• **Images for object localization**:
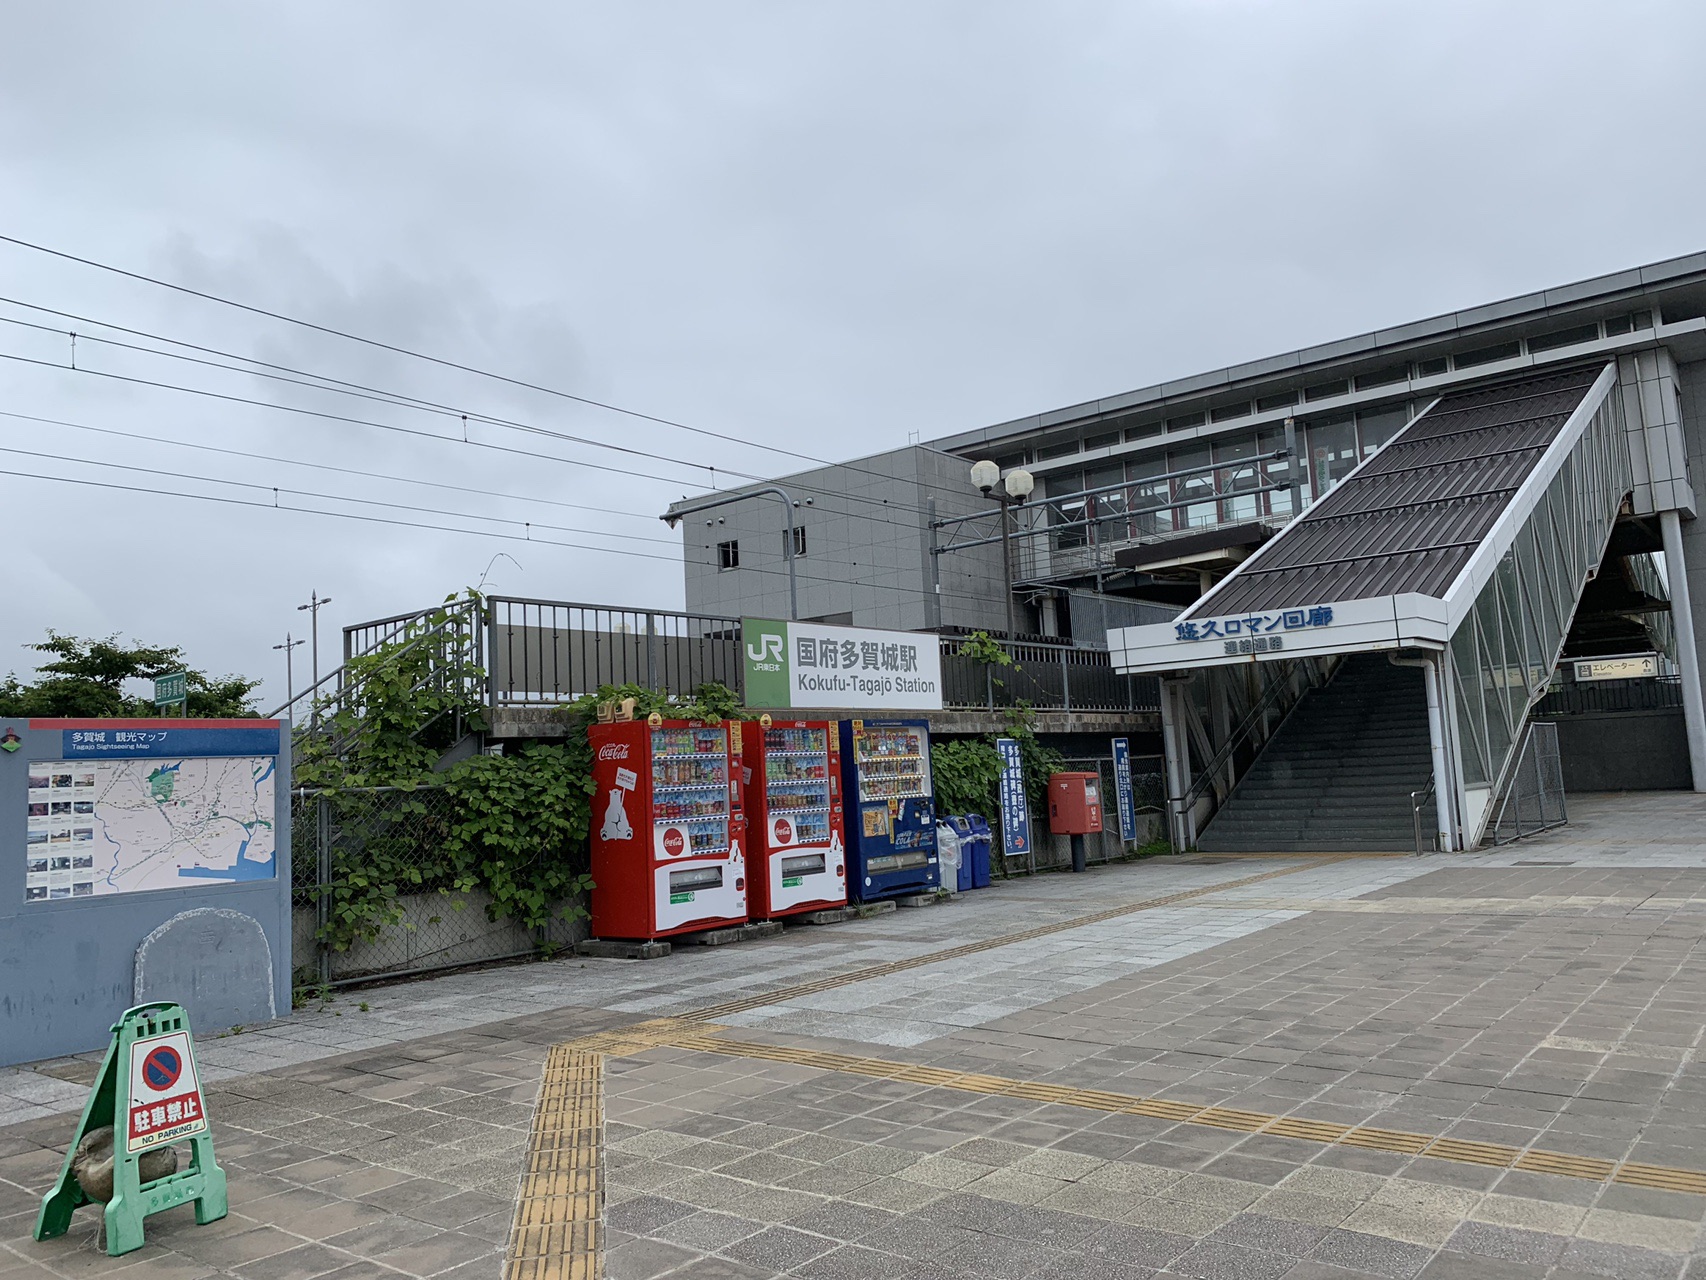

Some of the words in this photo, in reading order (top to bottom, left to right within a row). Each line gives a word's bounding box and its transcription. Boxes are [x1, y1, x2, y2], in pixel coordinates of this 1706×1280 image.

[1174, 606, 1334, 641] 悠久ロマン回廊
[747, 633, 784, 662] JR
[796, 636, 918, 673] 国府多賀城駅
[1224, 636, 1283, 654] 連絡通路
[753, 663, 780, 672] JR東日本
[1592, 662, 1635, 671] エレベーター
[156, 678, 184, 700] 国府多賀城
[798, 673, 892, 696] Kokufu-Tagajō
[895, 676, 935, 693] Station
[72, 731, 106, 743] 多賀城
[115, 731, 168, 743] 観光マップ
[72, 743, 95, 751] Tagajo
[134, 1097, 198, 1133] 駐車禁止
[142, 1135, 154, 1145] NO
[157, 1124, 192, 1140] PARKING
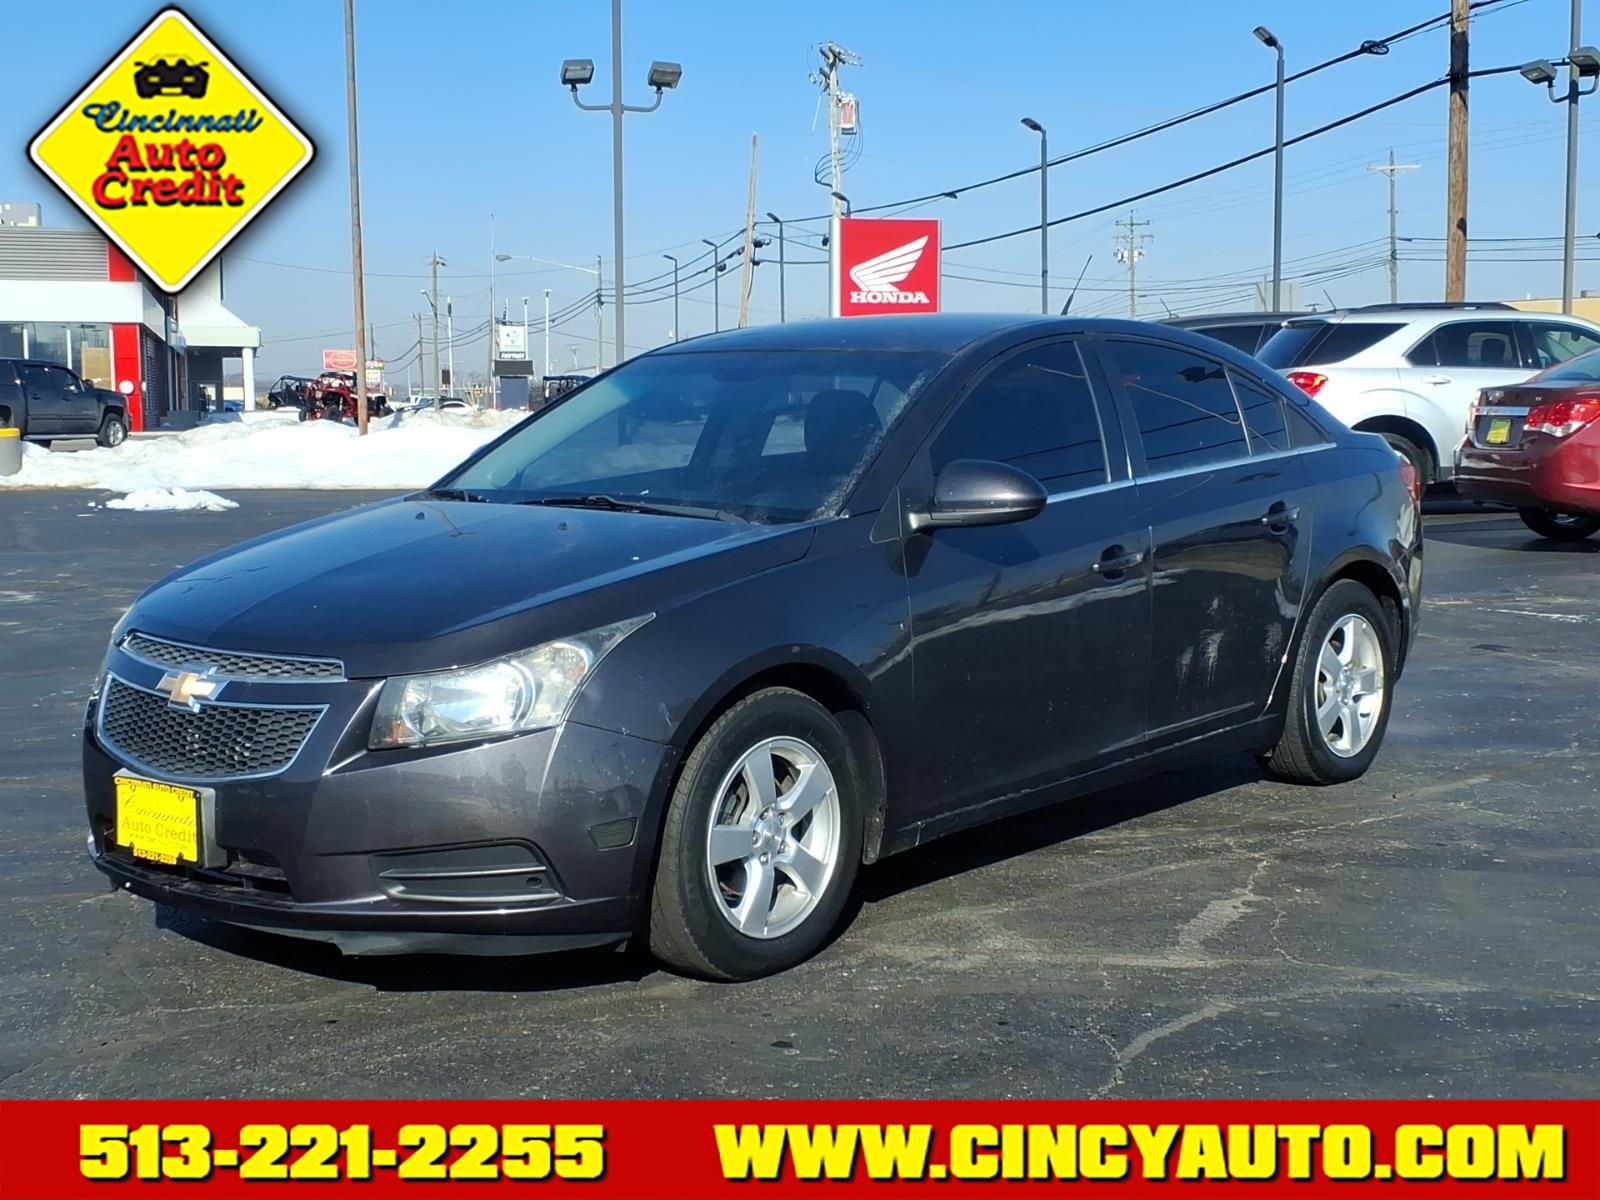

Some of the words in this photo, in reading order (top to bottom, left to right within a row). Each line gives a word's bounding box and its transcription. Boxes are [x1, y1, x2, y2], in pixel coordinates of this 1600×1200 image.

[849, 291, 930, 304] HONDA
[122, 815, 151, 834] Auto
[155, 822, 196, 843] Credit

• **Problem**: What are the lines from the one with "this 1600×1200 image." through the end of the entries? Give them again exactly, both end lines included.

• **Solution below**:
Some of the words in this photo, in reading order (top to bottom, left to right within a row). Each line gives a word's bounding box and its transcription. Boxes are [x1, y1, x2, y2], in pixel coordinates of this 1600×1200 image.

[849, 291, 930, 304] HONDA
[122, 815, 151, 834] Auto
[155, 822, 196, 843] Credit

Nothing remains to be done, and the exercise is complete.